« John Locke: Fascist | Main | Where're the hearts, that run over with mercy »

Friday, February 10, 2012

Ron Paul: Overpaid Konstitooshinul Skahler

Pauls' Plan To Restore America:

To stand with the American People, President Paul will take a salary of $39,336, approximately equal to the median personal income of the American worker.

Mightn't you want to follow the Constitution on that, if you're interested in restoring America?  Article II, Section 1:

The President shall, at stated Times, receive for his Services, a Compensation, which shall neither be increased nor diminished during the Period for which he shall have been elected.

His salary according to Public Law 106-58 will necessarily be $400k, and that cannot Constitutionally be altered during his term.  Surely he knows this, being a student of our founding document.  Okay, I suppose he would, what, take the salary and return most of it to the Treasury or something?  

Obviously it's symbolic pandering, but I'm still puzzled as to Paul's stopping at his being the only president to take a reduced salary.  Why has he, as a currently-serving legislator, not sponsored a bill to reduce the Executive's salary starting in 2013 (I cannot find any on Thomas or teh Google)?  If that's such an integral part of his plan, I would think it's important to accomplish no matter who is in the WH: Obama, Romney, Paul or somebody else.

I also wonder why he stopped at $39k instead of truly going above and beyond.  Ben Franklin was of a mind to not pay the Executive anything, and traveling that road now would certainly be a nod to one of the most respected Framers and an even greater step toward "fiscal sanity".

But to his credit, Paul in fact "always voted against congressional pay raises" (I presume this means voting against the automatic COLA increases, which Congress has done several times since the payment law was changed in '89).  He also proposed legislation cutting Congressional pay rates back in 1979, and admonished the debt commission to cut Congress' salary in 2011.

Yet, I cannot help but think it's easy for someone to claim to stand with the average American in terms of salary when his net worth is somewhere around $2-5M.  And while he "does not participate in the lucrative pension program," he receives a pension (old-fashined defined benefit plan, no less) of $91k, which is actually more lucrative than the average Congressional pension.  It's also unclear to me if he voluntarily refused any pay increases, as Members have the right to--perhaps we'd know that if he published his tax returns.

All that said, there is an argument to be made that Executive (and Legislative) pay should be significant, albeit moderate.  At one point in Convention, Charles Pinckney proposed the Senate not be paid so as to favor wealth and aristocracy in that chamber--no regular citizen legislator would be able to live without a salary.  One can even imagine higher pay mitigating corruption, though overly liberal salaries foster the danger of plutocracy (which, golly, we surely don't have now).

Anyway, it's just weird that Paul's proposals regarding pay come from him as candidate for an office that cannot actually implement them, rather from him as a member of the only body that can, per the Constitution.  I guess I should expect that from a guy who clearly hasn't read the entire document (and can't get even the most basic facts right).

Oh yeah consistency isn't his strong suit.  This is one of my favorite set of proposals:

* Immediately saving lives by effectively repealing Roe v.
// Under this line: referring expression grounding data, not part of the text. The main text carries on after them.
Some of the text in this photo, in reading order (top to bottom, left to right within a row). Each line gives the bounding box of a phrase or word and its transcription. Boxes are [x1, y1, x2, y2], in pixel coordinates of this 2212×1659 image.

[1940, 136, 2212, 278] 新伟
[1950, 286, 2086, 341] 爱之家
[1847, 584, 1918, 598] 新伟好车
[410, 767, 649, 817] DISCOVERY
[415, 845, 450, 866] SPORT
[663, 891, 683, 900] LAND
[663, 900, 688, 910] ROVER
Wade and preventing activist judges from interfering with state decisions on life by removing abortion from federal court jurisdiction through legislation modeled after his “We the People Act.” [here]

* Defining life as beginning at conception by passing a “Sanctity of Life Act.” [here]
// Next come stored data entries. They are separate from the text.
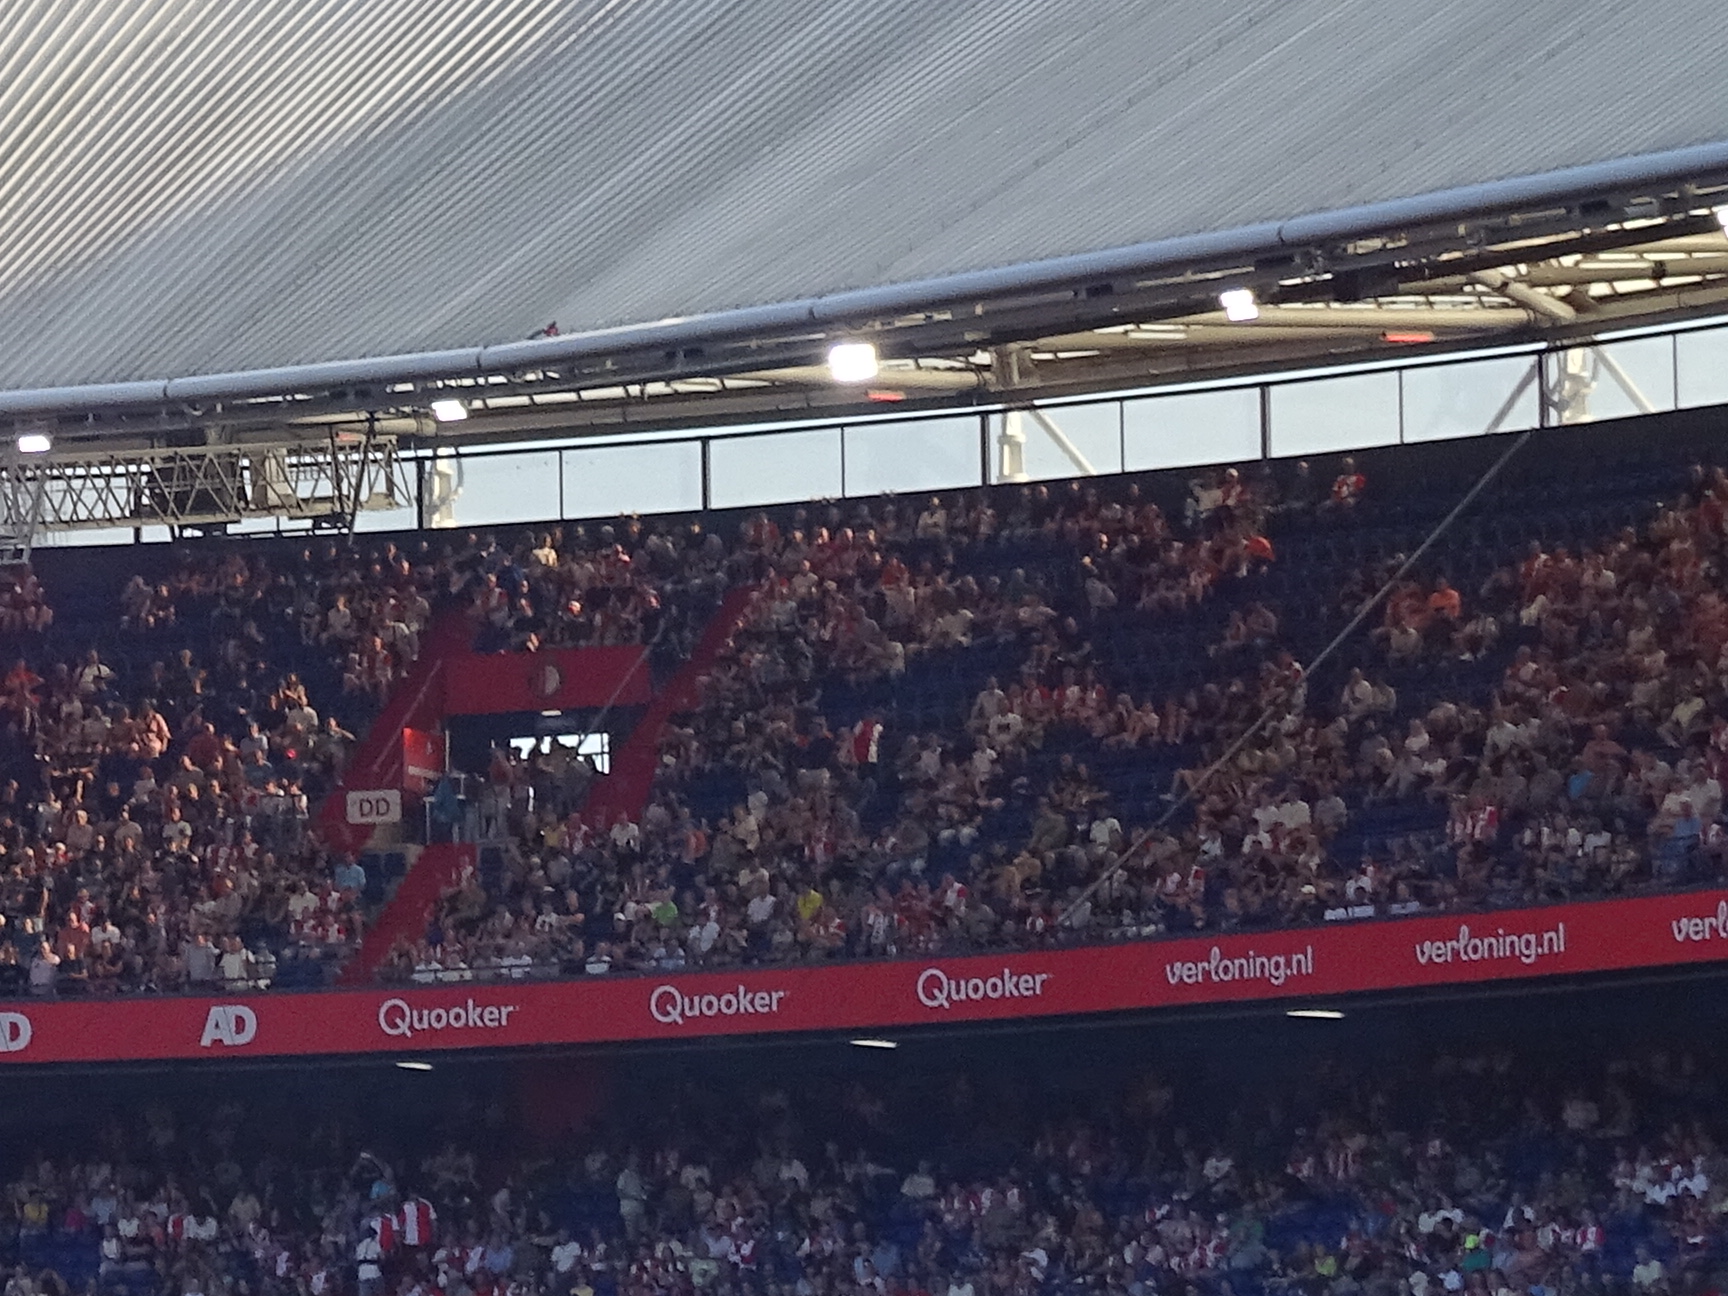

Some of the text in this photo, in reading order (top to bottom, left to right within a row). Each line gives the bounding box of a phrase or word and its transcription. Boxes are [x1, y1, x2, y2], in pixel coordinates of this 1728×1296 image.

[359, 798, 390, 817] DD
[1671, 900, 1728, 942] verl
[1415, 922, 1565, 965] verloning.nl
[1165, 945, 1313, 986] verloning.nl
[650, 984, 786, 1025] Quooker
[916, 967, 1050, 1009] Quooker
[200, 1004, 258, 1047] AD
[378, 998, 515, 1038] Quooker
So we'll stop the Courts from "interfering" with a state issue (this, BTW, is similar to Gingrich's ahistorical Constitutonal bombast), then Congress will, you know...define life for the states.  I'm squinting really hard and I cannot see an enumerated Congressional power to define when life begins, so perhaps our dear Paulista friends can explain.  If nothing else, that should be left to the states as well, eh?
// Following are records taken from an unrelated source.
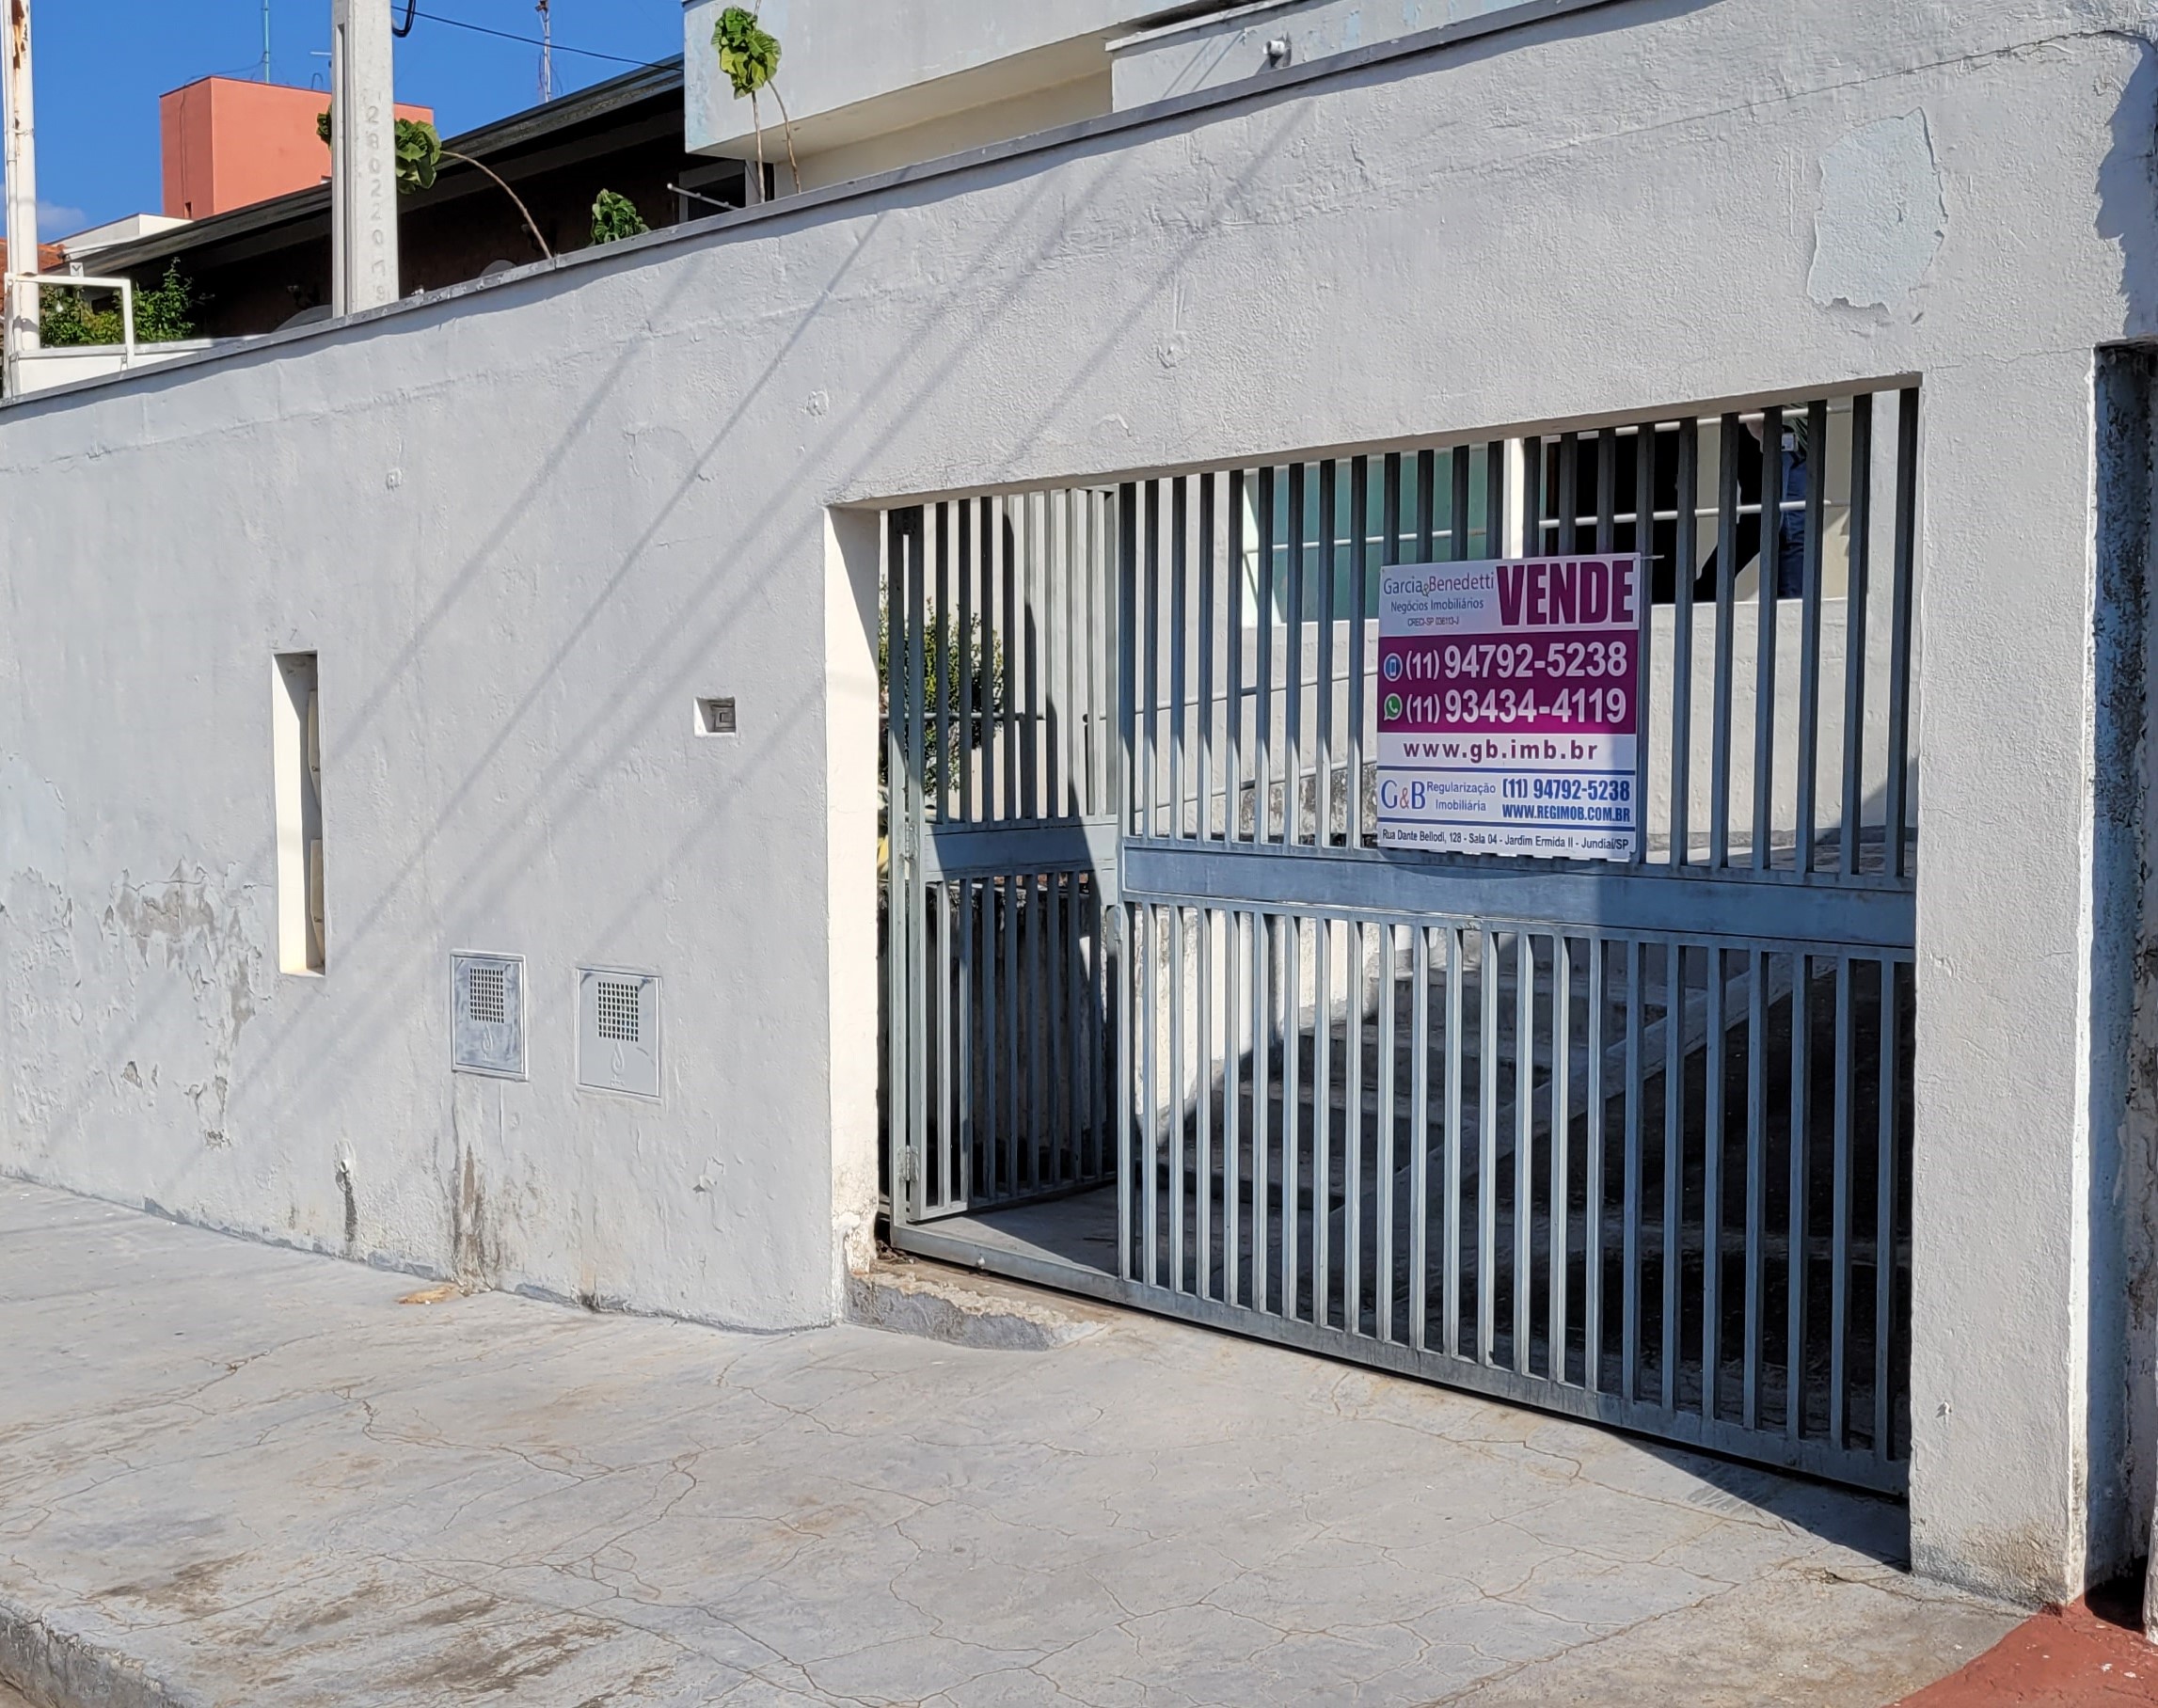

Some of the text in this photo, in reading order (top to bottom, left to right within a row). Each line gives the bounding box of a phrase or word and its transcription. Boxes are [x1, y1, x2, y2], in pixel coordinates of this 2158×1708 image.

[1496, 560, 1634, 626] VENDE
[1391, 596, 1484, 614] Negócios Imobiliários
[1405, 641, 1627, 680] (11) 94792-5238
[1405, 688, 1626, 724] (11) 93434-4119
[1403, 739, 1598, 764] www.gb.imb.br
[1381, 779, 1426, 810] G&B
[1426, 781, 1496, 796] Regularização
[1502, 778, 1630, 801] (11) 94792-5238
[1436, 799, 1486, 812] Imobiliária
[1502, 804, 1630, 822] WWW.REGIMOB.COM.BR
[1382, 829, 1395, 840] Rua
[1397, 830, 1418, 841] Dante
[1450, 832, 1462, 843] 128
[1468, 833, 1485, 844] Sala
[1487, 834, 1498, 844] 04
[1505, 834, 1532, 846] Jardim
[1535, 836, 1565, 847] Ermida
The scariest thing about this wholly inconsistent "states' rights" stuff, beyond being a Lost Cause/Jim Crow dog whistle, is just how dangerous it is to liberty.  It destroys equal protection under the 14th amendment and ignores a significant reason the Framers tossed out the Articles of Confederation in favor of our Constitution in the first place (hint: it involves forming some kind of Union).  Folks like Paul seem to forget just what a disaster the Articles were and how our Republic was established with checks and balances not merely at the Federal level, but also between levels of government.

They also forget that unless Donne was wrong, individual rights necessarily collide at times and government (including the Judiciary) is there to help resolve that conflict.  Part of that resolution is recognizing reasonable limits to our inalienable rights: the First Amendment, for example, does not protect libel/slander, yelling fire in a crowded theater, etc.  I would suspect Paul would not think the First Amendment protects killings for violations of Islamic teachings (though given his views on slander and fraud, I'm sure he would defer to the states).

Which brings me to the abject horror that Paul (amongst other people looking for bogus wedge issues) has expressed toward Obama's contraceptive rule:

Forcing private religious institutions to pay for contraception and sterilization as part of their health care plans is a direct assault on the First Amendment’s guarantee of religious liberty.

There is an astonishing amount of dissonance and/or ignorance on display here.

First of all, this mandate has fundamentally been around for over a decade and Paul et al didn't make a stink, even though it operates under the auspices of the Hated Civil Rights Act.  Odd that such a vigilant defender of liberty could have dropped the ball for so long, and through so many presidential campaigns.

Of course under the rule, churches are still exempt and individuals are not being forced to take birth control against their consciences.  So it's still a bit unclear to me how this violates the First Amendment.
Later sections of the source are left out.